[[ DATA SECTION open ]]
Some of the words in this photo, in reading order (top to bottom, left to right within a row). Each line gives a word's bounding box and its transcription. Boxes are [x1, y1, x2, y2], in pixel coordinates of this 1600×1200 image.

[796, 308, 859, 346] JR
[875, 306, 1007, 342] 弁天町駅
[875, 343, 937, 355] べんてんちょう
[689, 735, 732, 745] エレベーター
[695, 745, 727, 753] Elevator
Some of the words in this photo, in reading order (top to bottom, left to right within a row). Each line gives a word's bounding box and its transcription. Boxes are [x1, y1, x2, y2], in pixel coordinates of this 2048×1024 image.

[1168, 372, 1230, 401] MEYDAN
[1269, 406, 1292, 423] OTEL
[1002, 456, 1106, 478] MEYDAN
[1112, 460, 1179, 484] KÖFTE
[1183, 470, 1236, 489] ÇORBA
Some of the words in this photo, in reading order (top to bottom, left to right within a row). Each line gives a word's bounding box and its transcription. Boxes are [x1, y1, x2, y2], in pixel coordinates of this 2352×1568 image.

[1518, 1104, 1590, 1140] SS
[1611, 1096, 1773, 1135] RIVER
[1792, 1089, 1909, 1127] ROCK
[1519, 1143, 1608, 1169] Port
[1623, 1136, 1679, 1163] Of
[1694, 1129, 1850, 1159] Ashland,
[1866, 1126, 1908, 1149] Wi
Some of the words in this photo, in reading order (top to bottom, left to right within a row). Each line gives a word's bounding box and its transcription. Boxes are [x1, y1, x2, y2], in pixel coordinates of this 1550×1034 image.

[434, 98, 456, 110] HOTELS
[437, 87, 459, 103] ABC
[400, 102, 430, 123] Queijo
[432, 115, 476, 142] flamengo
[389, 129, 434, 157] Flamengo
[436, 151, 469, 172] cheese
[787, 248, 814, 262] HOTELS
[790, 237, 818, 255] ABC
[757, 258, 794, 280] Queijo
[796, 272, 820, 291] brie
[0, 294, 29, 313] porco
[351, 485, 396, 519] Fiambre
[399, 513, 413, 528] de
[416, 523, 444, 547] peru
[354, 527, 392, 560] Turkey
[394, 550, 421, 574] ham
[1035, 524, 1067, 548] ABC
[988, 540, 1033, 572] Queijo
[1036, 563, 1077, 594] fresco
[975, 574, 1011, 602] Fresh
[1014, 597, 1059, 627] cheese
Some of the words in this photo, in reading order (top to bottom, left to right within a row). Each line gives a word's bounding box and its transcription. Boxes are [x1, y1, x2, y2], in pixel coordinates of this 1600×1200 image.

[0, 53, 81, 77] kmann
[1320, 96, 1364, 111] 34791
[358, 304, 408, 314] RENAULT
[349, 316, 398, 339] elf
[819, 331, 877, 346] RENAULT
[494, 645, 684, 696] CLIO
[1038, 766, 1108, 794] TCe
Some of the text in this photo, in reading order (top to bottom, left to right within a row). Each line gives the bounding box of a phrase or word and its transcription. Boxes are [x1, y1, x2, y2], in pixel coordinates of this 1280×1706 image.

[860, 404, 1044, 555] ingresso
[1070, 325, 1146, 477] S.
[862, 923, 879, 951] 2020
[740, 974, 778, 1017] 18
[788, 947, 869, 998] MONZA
[[ DATA SECTION closed ]]
WHAT THE TASK REQUIRES:
Nothing but the lines from the line containing "Some of the text" through the final line of the entries should appear in your answer, copied exactly.

YOUR RESPONSE:
Some of the text in this photo, in reading order (top to bottom, left to right within a row). Each line gives the bounding box of a phrase or word and its transcription. Boxes are [x1, y1, x2, y2], in pixel coordinates of this 1280×1706 image.

[860, 404, 1044, 555] ingresso
[1070, 325, 1146, 477] S.
[862, 923, 879, 951] 2020
[740, 974, 778, 1017] 18
[788, 947, 869, 998] MONZA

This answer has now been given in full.